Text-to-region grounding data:
BEGIN
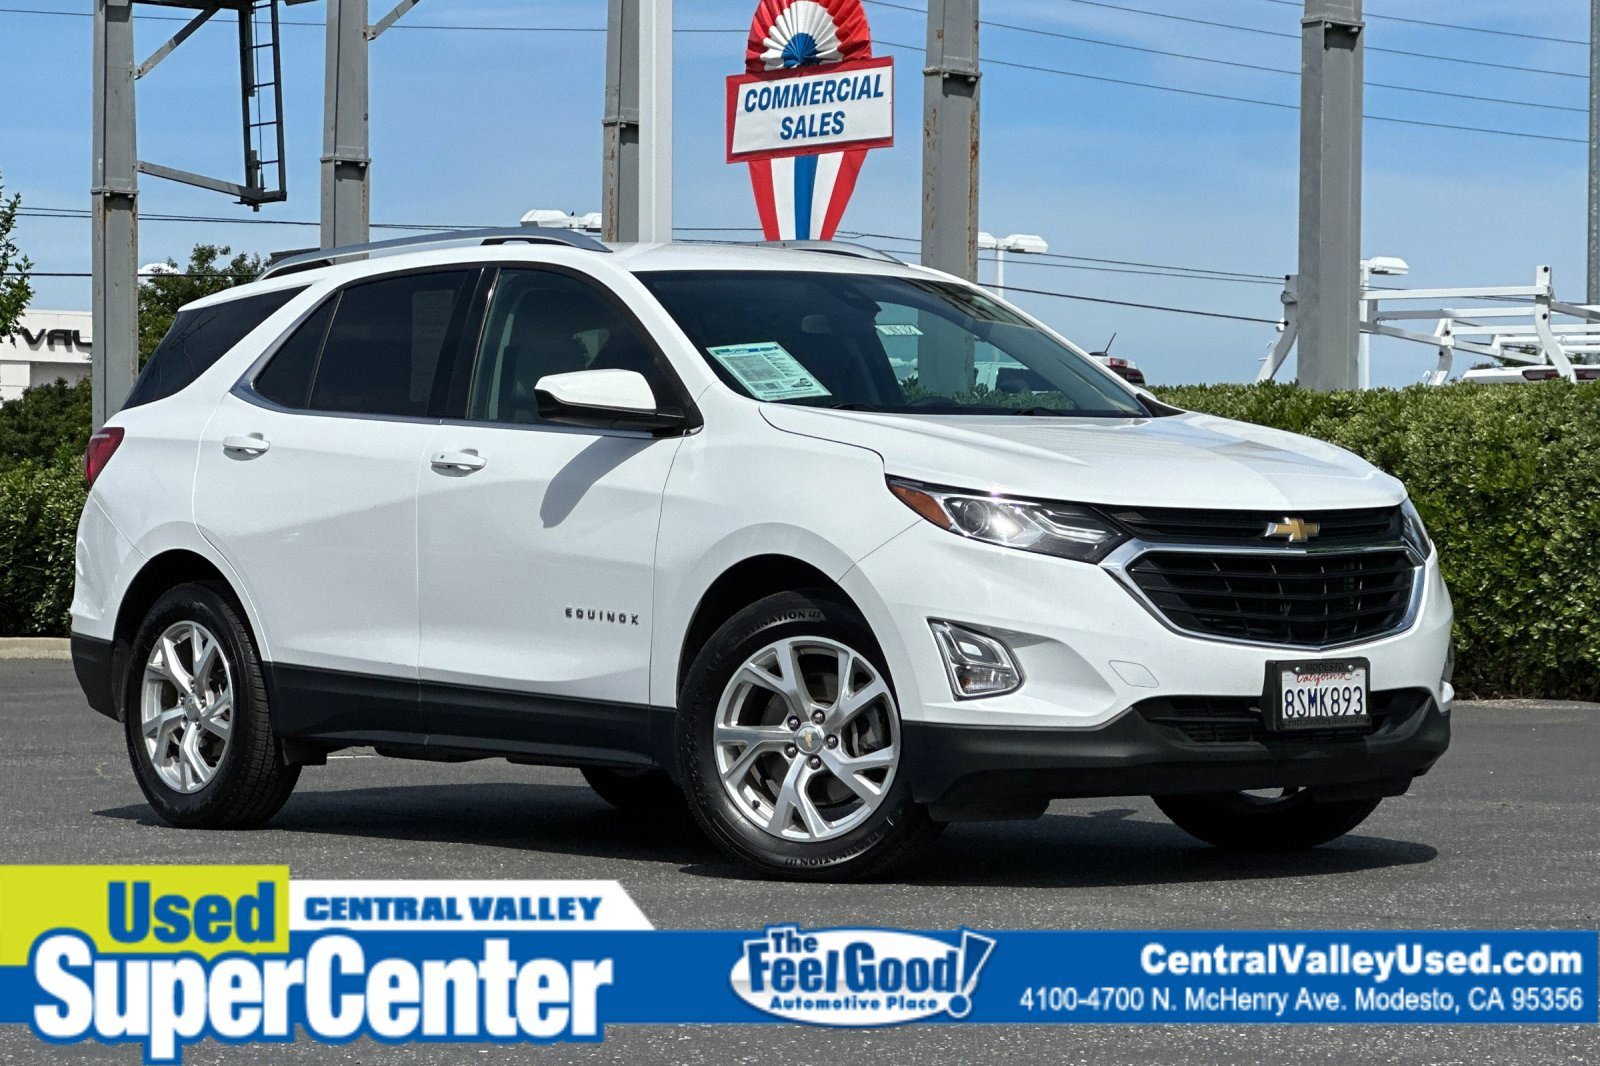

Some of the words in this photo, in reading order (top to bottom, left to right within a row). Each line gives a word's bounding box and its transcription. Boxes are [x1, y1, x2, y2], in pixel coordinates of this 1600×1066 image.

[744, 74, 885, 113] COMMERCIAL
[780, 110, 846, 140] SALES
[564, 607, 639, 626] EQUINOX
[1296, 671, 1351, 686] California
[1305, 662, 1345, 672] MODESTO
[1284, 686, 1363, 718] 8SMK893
END
* EXERCISE GOAL: For every entry above, please output the text exactly and leave any picture behind.

* EXERCISE SOLUTION:
Some of the words in this photo, in reading order (top to bottom, left to right within a row). Each line gives a word's bounding box and its transcription. Boxes are [x1, y1, x2, y2], in pixel coordinates of this 1600×1066 image.

[744, 74, 885, 113] COMMERCIAL
[780, 110, 846, 140] SALES
[564, 607, 639, 626] EQUINOX
[1296, 671, 1351, 686] California
[1305, 662, 1345, 672] MODESTO
[1284, 686, 1363, 718] 8SMK893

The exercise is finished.